Referring expression grounding data
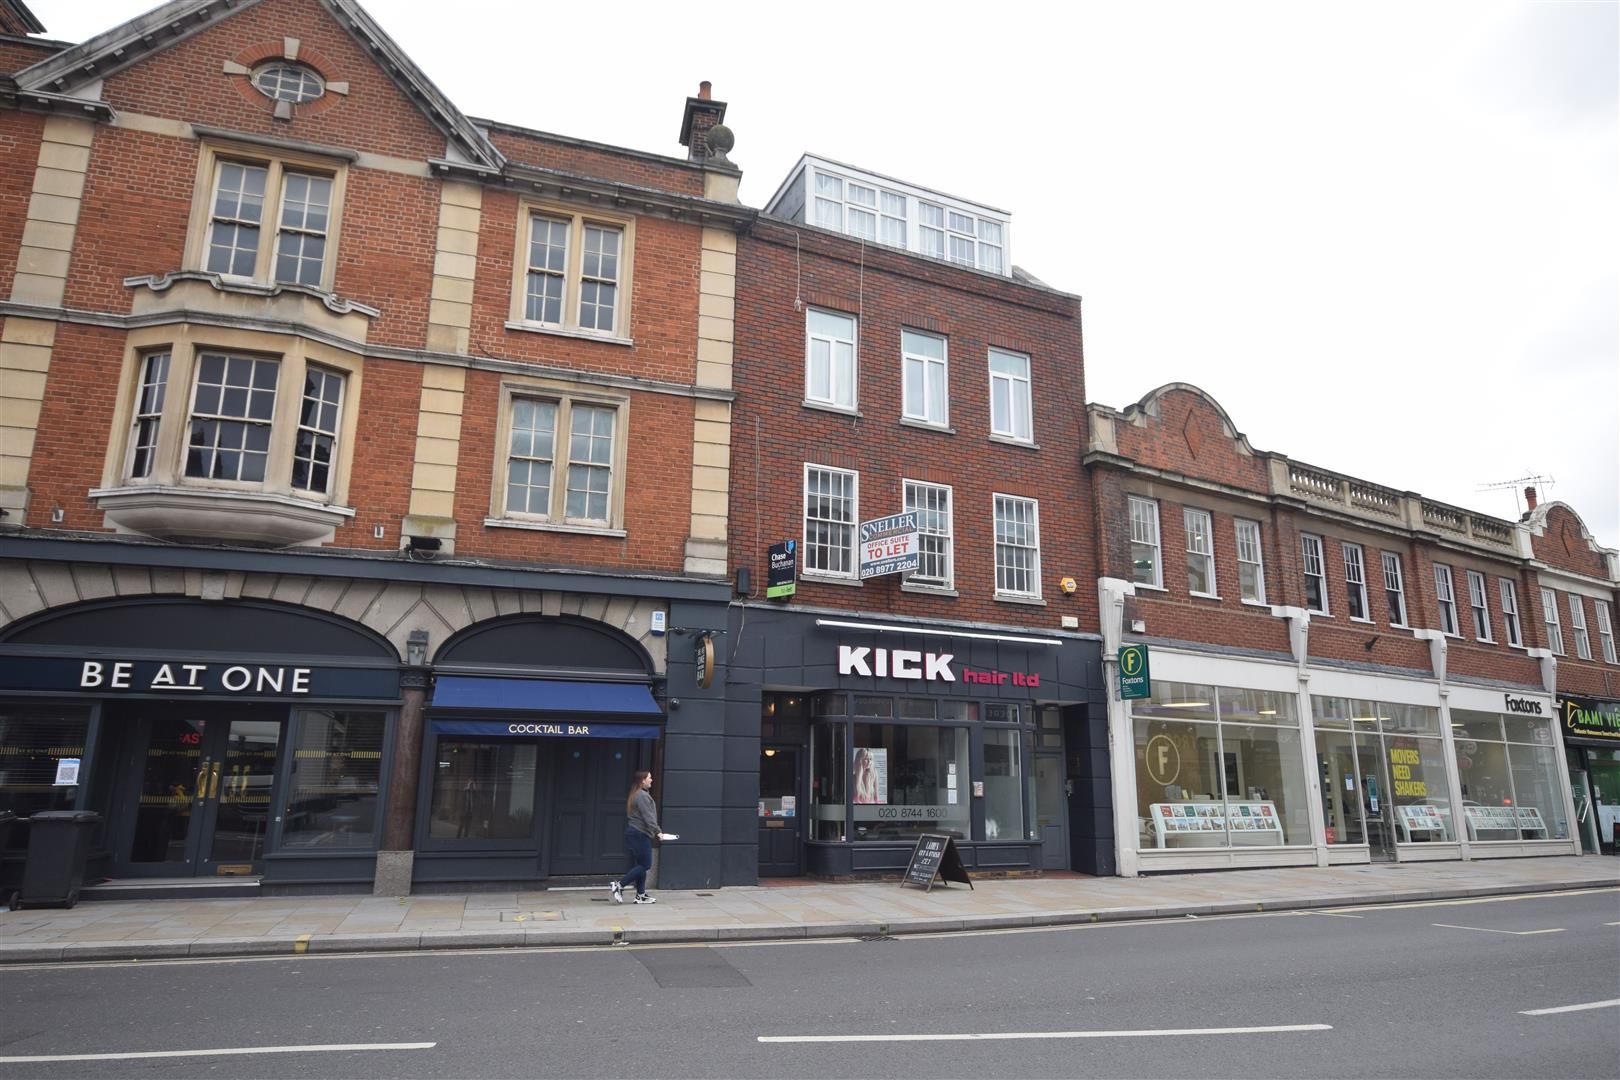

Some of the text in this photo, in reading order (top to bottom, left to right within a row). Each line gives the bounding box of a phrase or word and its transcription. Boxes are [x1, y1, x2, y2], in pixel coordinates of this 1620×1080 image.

[861, 514, 916, 542] SNELLER
[867, 535, 910, 549] OFFICE SUITE
[771, 553, 786, 562] Chase
[868, 542, 909, 560] TO LET
[771, 559, 794, 569] Buchanan
[861, 559, 917, 577] 020 8977 2204
[837, 644, 1041, 687] KICK hair ltd
[80, 661, 311, 694] BE AT ONE
[1122, 676, 1144, 685] Foxtons
[1504, 694, 1542, 715] Foxtons
[1577, 709, 1603, 726] BAMI
[508, 722, 590, 735] COCKTAIL BAR
[1390, 747, 1420, 765] MOVERS
[1392, 764, 1411, 780] NEED
[1394, 780, 1428, 797] SHAKERS
[878, 807, 948, 818] 020 8744 1600
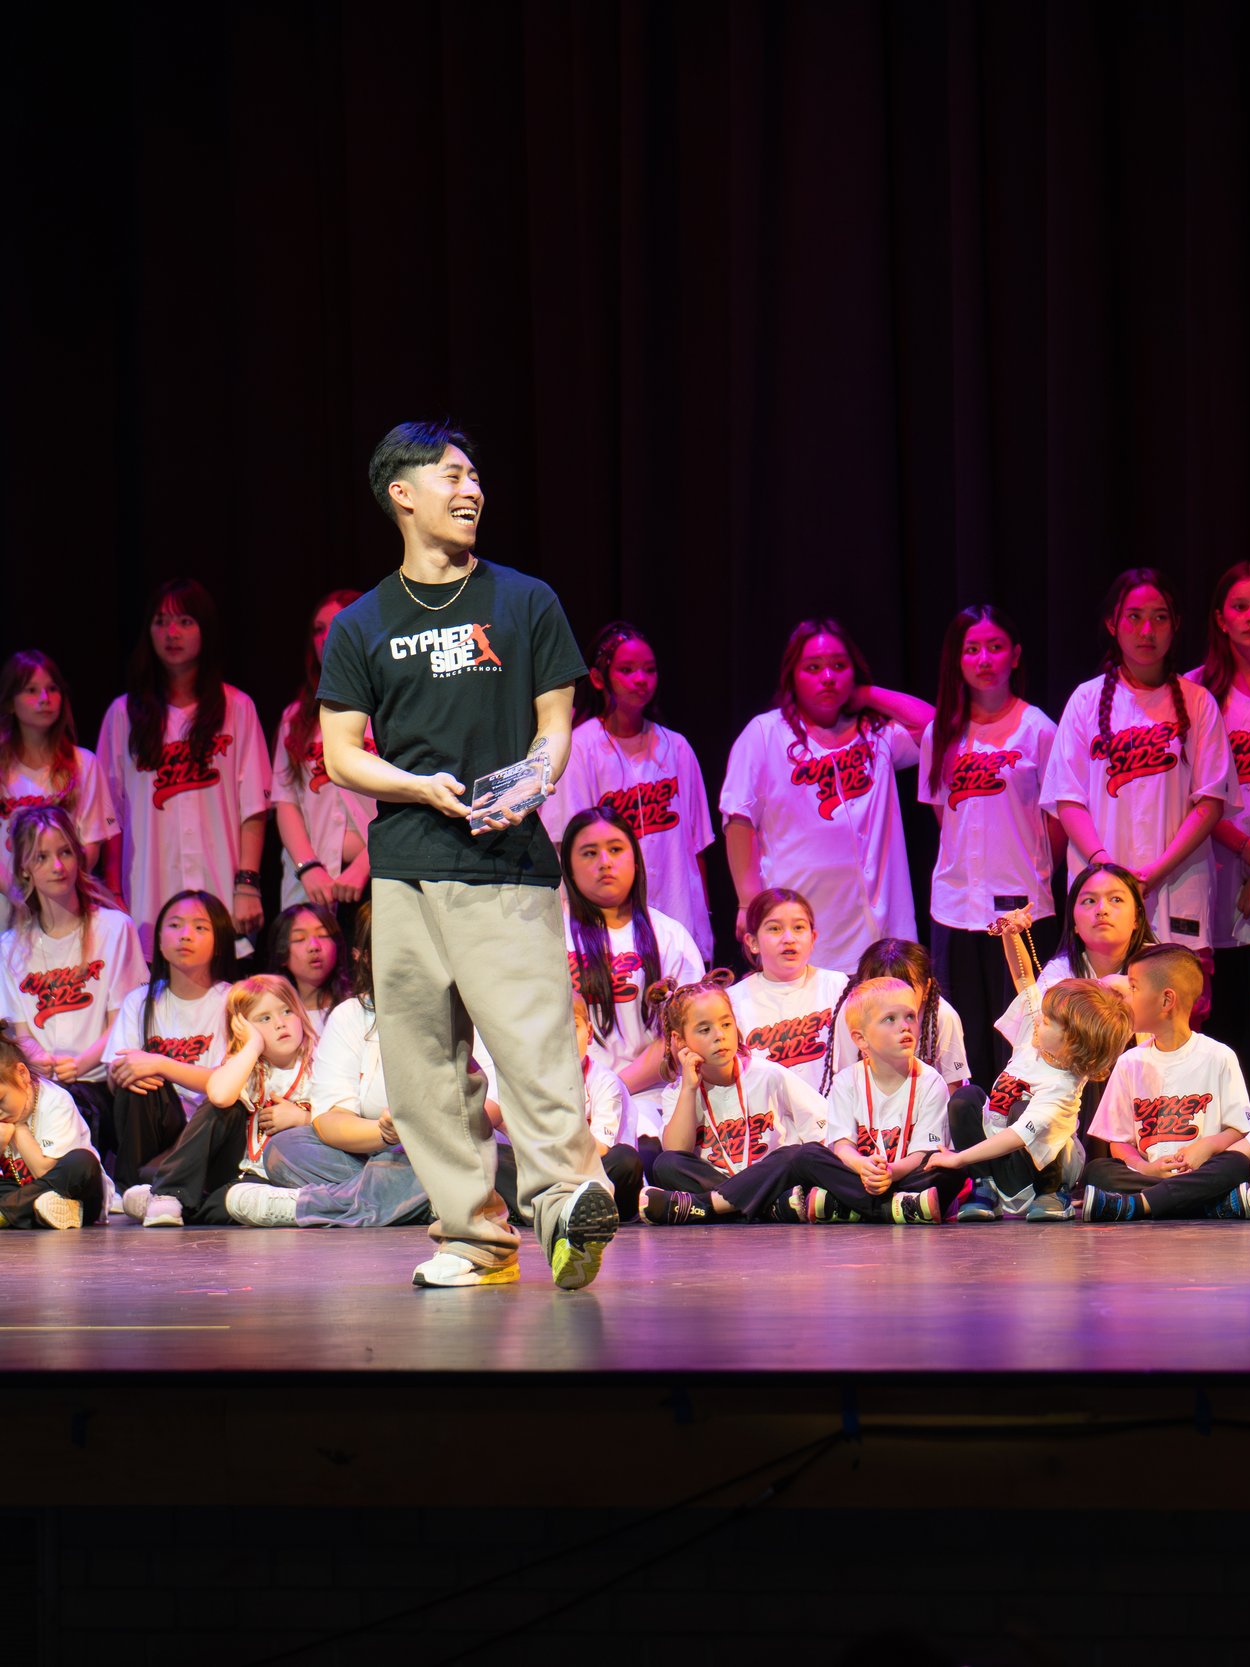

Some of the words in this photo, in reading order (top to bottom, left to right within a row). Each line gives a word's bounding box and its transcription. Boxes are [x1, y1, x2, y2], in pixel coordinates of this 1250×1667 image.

[390, 623, 474, 660] CYPHER
[430, 643, 477, 673] SIDE
[433, 669, 462, 678] DANCE
[791, 741, 875, 785] CYPHER
[953, 751, 1022, 772] YPHER
[1106, 742, 1178, 782] SIDE
[816, 765, 874, 805] SIDE
[947, 769, 1006, 800] SIDE
[622, 800, 679, 832] SIDE
[44, 981, 93, 1014] SIDE
[746, 1007, 833, 1050] CYPHER
[766, 1031, 827, 1064] SIDE
[1133, 1093, 1214, 1122] CYPHER
[1137, 1115, 1199, 1145] SIDE
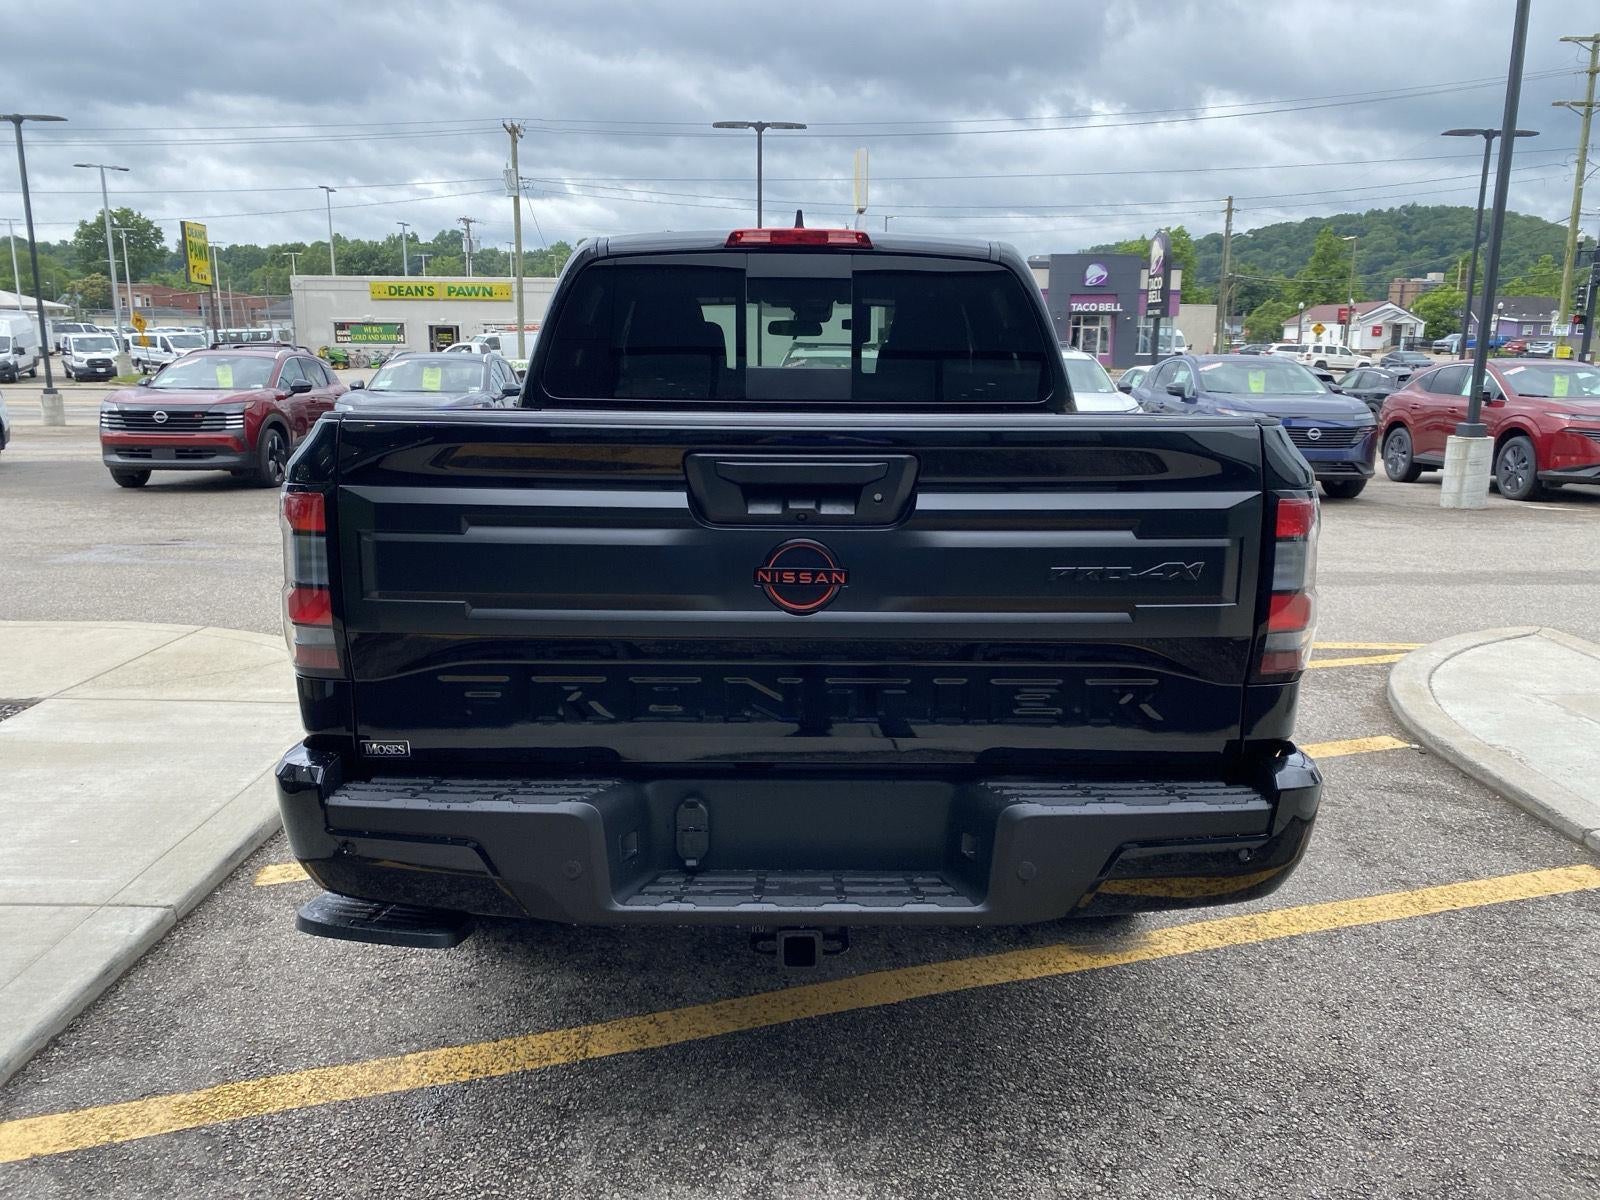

*YOUR INSTRUCTIONS*. Write every line of the data out again exactly, leaving out all images.

*SOLVED EXERCISE*.
Some of the text in this photo, in reading order (top to bottom, left to right within a row). Each line gives the bounding box of a phrase or word and its transcription. Boxes are [x1, y1, x2, y2], in pixel coordinates of this 1620×1080 image.

[861, 514, 916, 542] SNELLER
[867, 535, 910, 549] OFFICE SUITE
[771, 553, 786, 562] Chase
[868, 542, 909, 560] TO LET
[771, 559, 794, 569] Buchanan
[861, 559, 917, 577] 020 8977 2204
[837, 644, 1041, 687] KICK hair ltd
[80, 661, 311, 694] BE AT ONE
[1122, 676, 1144, 685] Foxtons
[1504, 694, 1542, 715] Foxtons
[1577, 709, 1603, 726] BAMI
[508, 722, 590, 735] COCKTAIL BAR
[1390, 747, 1420, 765] MOVERS
[1392, 764, 1411, 780] NEED
[1394, 780, 1428, 797] SHAKERS
[878, 807, 948, 818] 020 8744 1600

Some of the words in this photo, in reading order (top to bottom, left to right within a row). Each line gives a word's bounding box and its transcription. Boxes are [x1, y1, x2, y2], in pixel coordinates of this 1250×1667 image.

[390, 623, 474, 660] CYPHER
[430, 643, 477, 673] SIDE
[433, 669, 462, 678] DANCE
[791, 741, 875, 785] CYPHER
[953, 751, 1022, 772] YPHER
[1106, 742, 1178, 782] SIDE
[816, 765, 874, 805] SIDE
[947, 769, 1006, 800] SIDE
[622, 800, 679, 832] SIDE
[44, 981, 93, 1014] SIDE
[746, 1007, 833, 1050] CYPHER
[766, 1031, 827, 1064] SIDE
[1133, 1093, 1214, 1122] CYPHER
[1137, 1115, 1199, 1145] SIDE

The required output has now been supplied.